I can’t. I just have to wait it out and hope for the best while I gently guide and remind them of what is at stake. They are both smart, capable, driven young ladies and I have to trust that they are looking out for themselves when it really counts. I am open and honest with them and have always trusted their judgement in the past. Now isn’t the time to step in and throw my parental weight around.
Wait, didn’t we already accept this?
I once heard a fellow medical mama say that acceptance isn’t a one-time thing. It is something we practice over and over, particularly when we have children with life-altering diagnoses like mine. Accepting their diagnosis is one thing. Accepting all the ways it changes our lives is something entirely different though, isn’t it? Every time I turn around there is something new to accept when it comes to my girls’ rare diagnoses and how we deal with them.
And this level of acceptance when it comes to my twin girls growing up is something else entirely. One day I am accepting that my young adult daughter is driving again after getting her seizures under control and the next I’m accepting that they weren’t as under control as we thought and we are back to rearranging household schedules to get her where she needs to be when she needs to be there. One day I am accepting that my girls might be staying home for college for a bit before moving away to school and the start of their new adulthood, and the next I am accepting that we may always be caring for them in some capacity regardless of them growing up and growing older.
Teamwork makes the dream work ~ Growing up edition
Those of you who know our family personally have probably heard me say in the past that if any of my 3 children needed a twin it was my singleton son. He struggles to make connections with his peers and I am constantly worried he won’t ever find his people.
Well, let’s just say that my girls being twins has actually helped out quite a bit. I am working and organizing a few different events for various non profit efforts right now so my time is very limited. It definitely makes my life much easier to have one twin drive the non-driving girl around most of the time. And I would be lying if I were to say that I don’t rely on my girls to be my back up for each other. They remember just about as much as I do about their sister. Surgery dates, scan results, multiple diagnosis. They remember it all just about as well as I do these days.
They remind each other of meds, appointments, and talk about side effects and medically breakthroughs in a way that most 18 year olds don’t need to even think about.

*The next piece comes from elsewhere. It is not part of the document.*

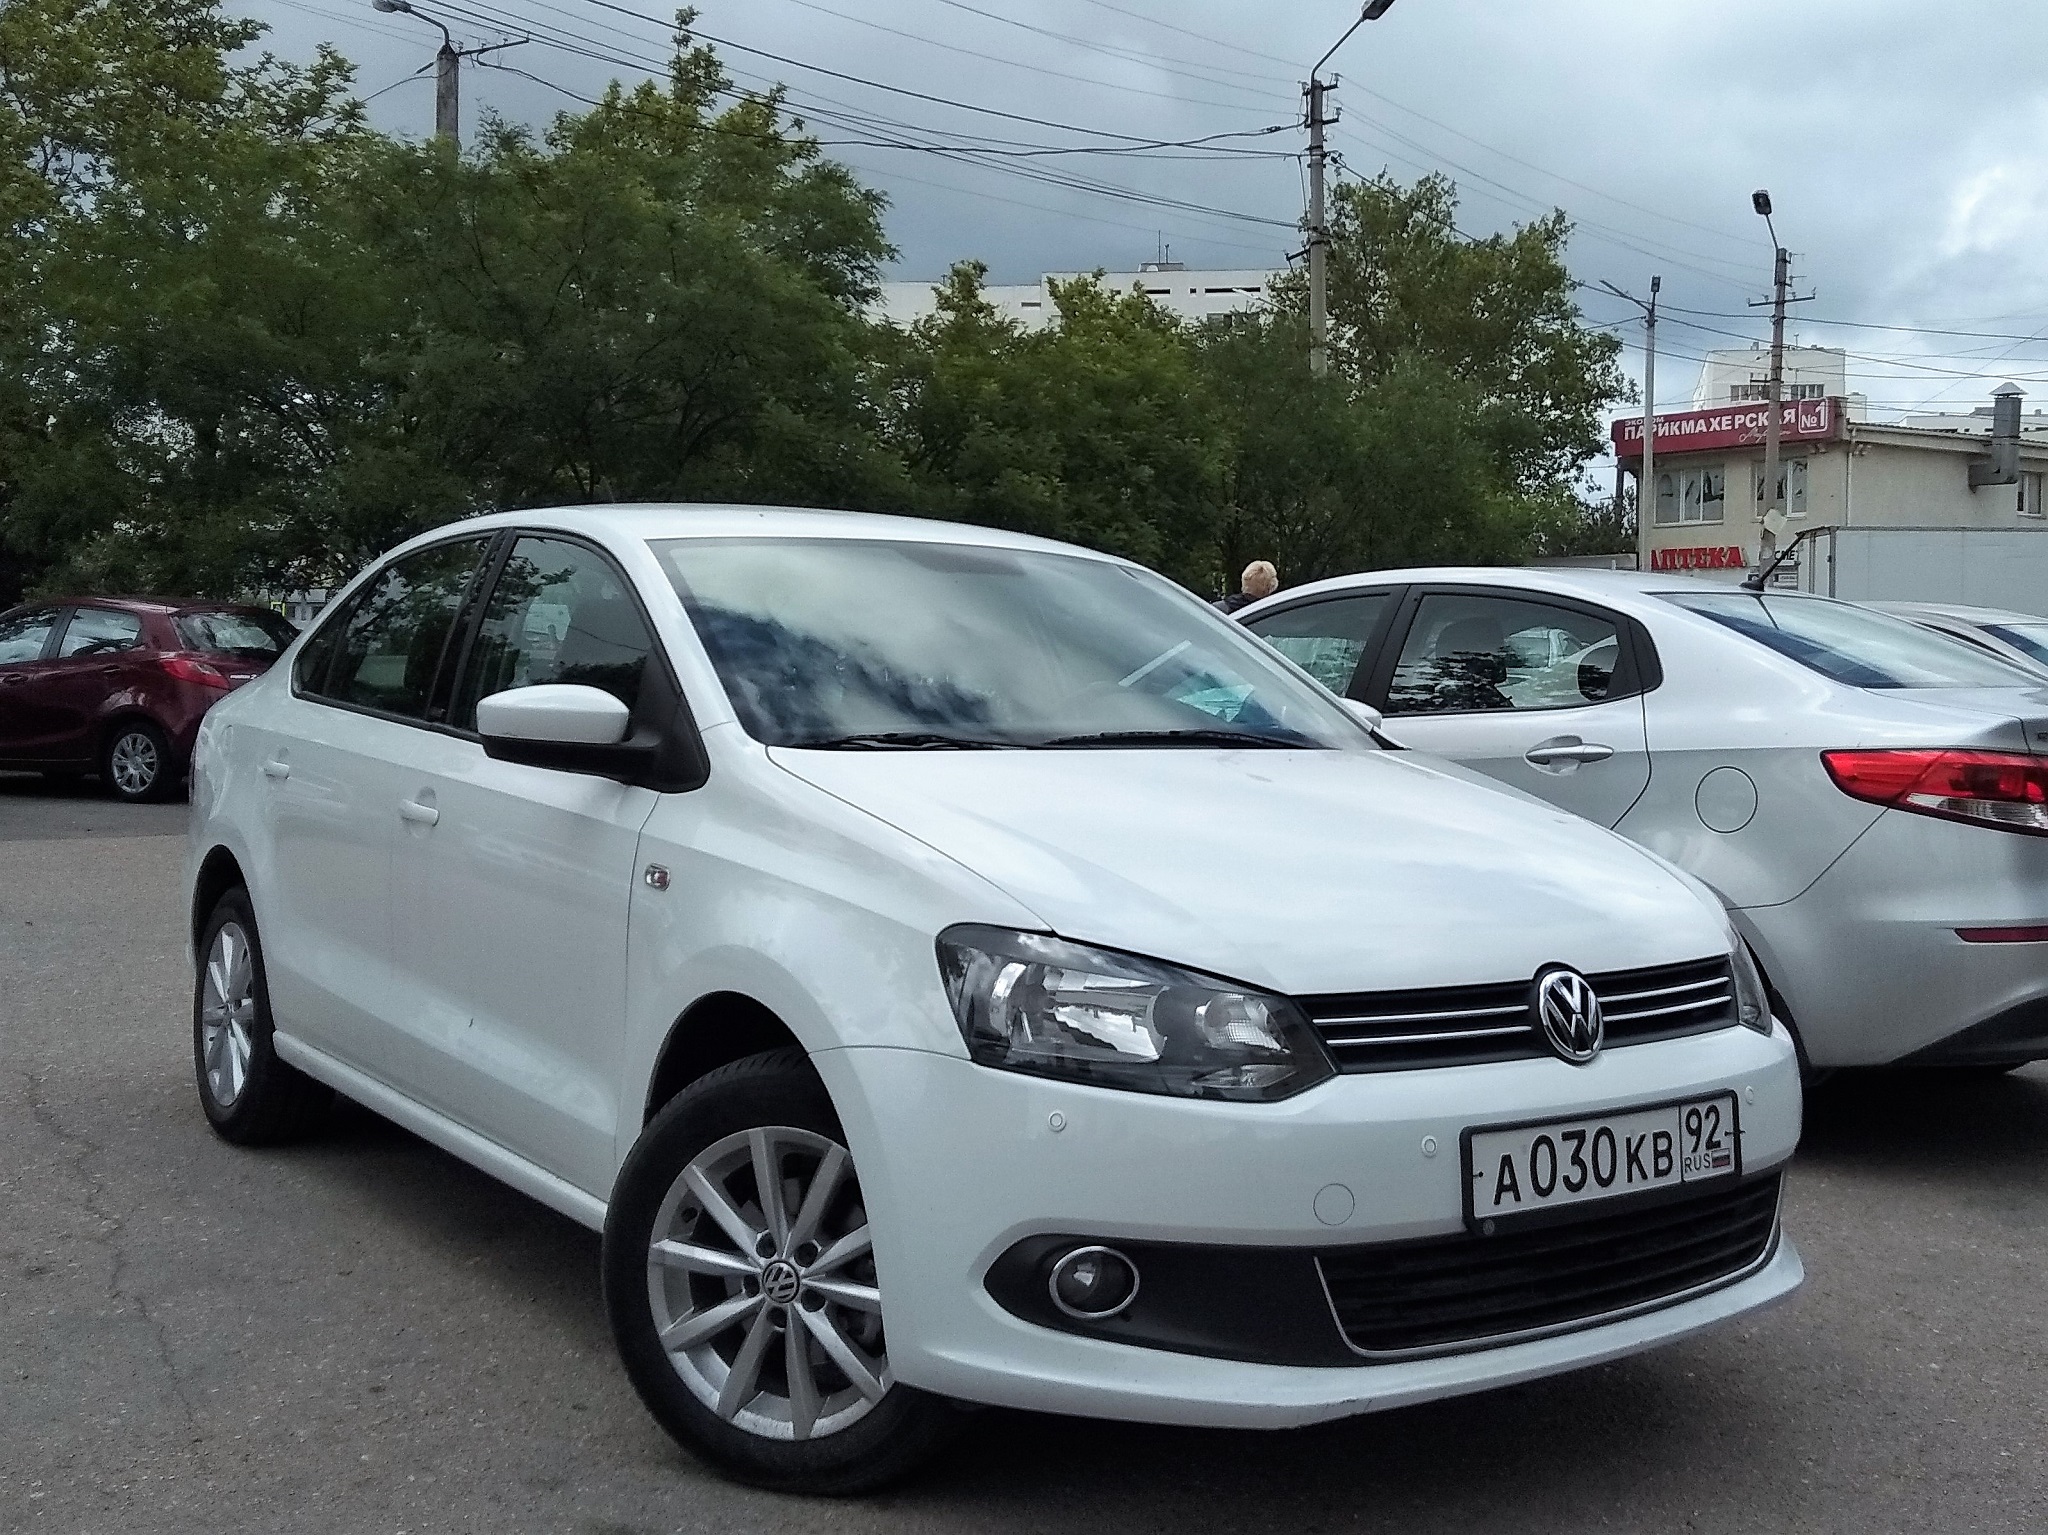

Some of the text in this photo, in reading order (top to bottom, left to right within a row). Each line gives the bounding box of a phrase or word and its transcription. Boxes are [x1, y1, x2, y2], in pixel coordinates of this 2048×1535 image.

[1624, 408, 1797, 441] ПАИКМАХЕРСКЯ
[1625, 417, 1664, 426] ЭКОМ
[1685, 1104, 1721, 1153] 92
[1684, 1152, 1711, 1173] RUS

I’m glad they have each other. I’m glad that while they are out “on their own” they have safety and security with the whole twin thing.
These are signs of growing up for sure. As much as I want to resist putting this responsibility on them, I won’t be around forever. My greatest hope for them both is that they will have to look after each other after I’m gone. I hope that we are preparing to care for them after we’re gone. I hope and I pray and I accept. Still working on that last one a bit, though!